The skills and qualifications needed in the workplace have been changing considerably as a result of digitalisation, globalisation and ageing. Middle-skilled jobs make up less of total employment than they once did, while the share of employment in high-skilled jobs has risen. Skills shortages have emerged, especially in jobs requiring a tertiary education, as well as those requiring a combination of digital, cognitive and social skills.

While Canadians are highly educated, they require opportunities to upskill and retrain throughout their working lives to remain employable as the world of work evolves. By international comparison, Canada’s adult learning system performs well in two areas: alignment of training with labour market needs, and coverage (the share of adults and employers who participate in job-related training). Despite having high coverage, Canada underperforms in inclusiveness (the participation of under-represented groups in adult learning). Low-skilled and older workers – who are most at risk of job loss by new technologies – are least likely to participate in adult learning. Other areas to strengthen include flexibility, guidance, financing and the quality of training.

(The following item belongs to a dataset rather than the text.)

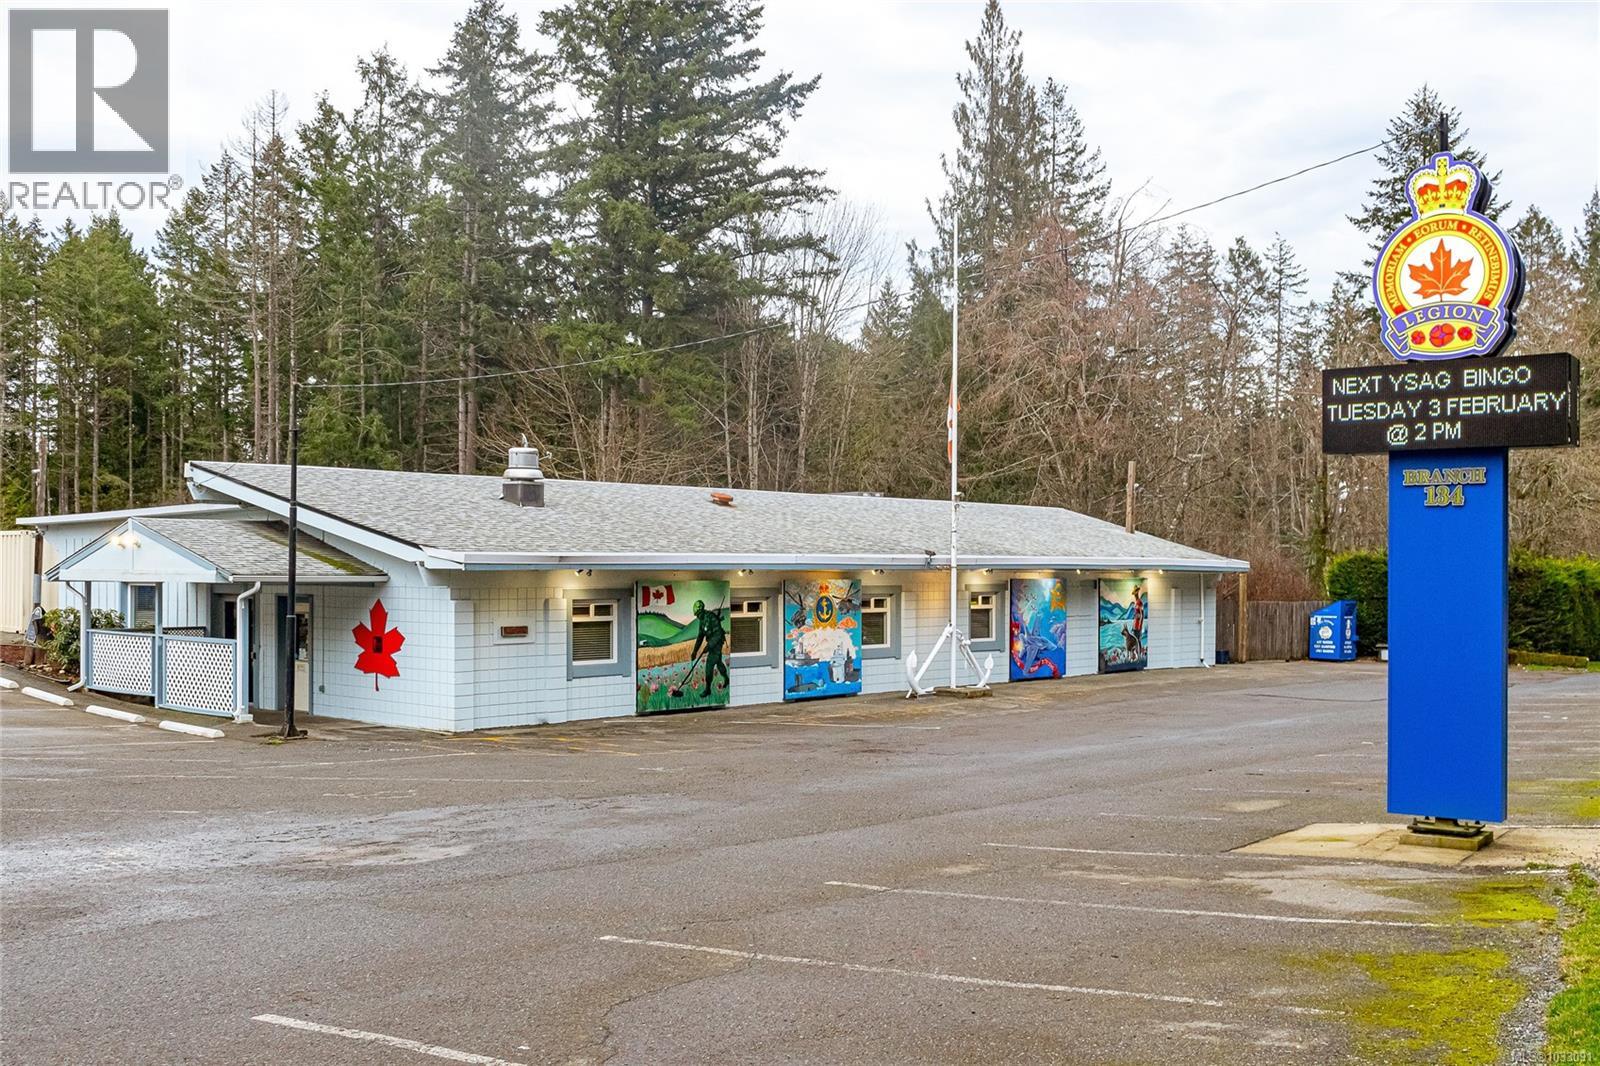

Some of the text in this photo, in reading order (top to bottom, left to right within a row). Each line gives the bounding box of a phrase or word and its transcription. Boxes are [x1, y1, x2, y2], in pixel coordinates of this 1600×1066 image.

Canada’s new skills-related programmes have the potential to improve the future-readiness of the adult learning system. The Future Skills initiative and provincial workforce innovation centres (WICs) are devoting significant public investment to testing and evaluating innovative approaches to skills development. The Future Skills Centre prioritises ways to adapt to the future labour market, while the WICs focus on improving service delivery in the current labour market. Both emphasise partnerships with labour market stakeholders. Together, these initiatives should lead to improved evidence about training programme effectiveness, which would help policy makers and practitioners select the best approaches to prepare workers for the future. By mandate, the Future Skills Centre and the WICs prioritise approaches that target under-represented groups. However, targeting low-skilled workers should be made a more explicit priority. Recommendations for how these programmes could further support a future-ready adult learning system are outlined below.

The current context invites workplaces to re-examine how they work and learn. Positioning Canada for the future requires business and government to anticipate upcoming changes, to learn quickly and to adapt. The new skills-related programmes focus on the supply side of the labour market, but the demand side is equally important. The way work is organised and people are managed matters for turning a workplace into a learning organisation. An enabling workplace environment amplifies the returns to adult learning by creating opportunities for adults to apply their newly acquired skills. Giving workers opportunities to use a broader set of skills – including creative, cognitive and social skills – also helps them to adapt to an environment where robots ably perform routine tasks. High-performance work practices – e.g. teamwork, task and working time discretion, mentoring, job rotation, incentive pay and training practices – are all strongly associated with use of a broad set of skills and informal learning. Drawing from international examples, a number of recommendations are put forward below for how Canada might stimulate good practice in this important area.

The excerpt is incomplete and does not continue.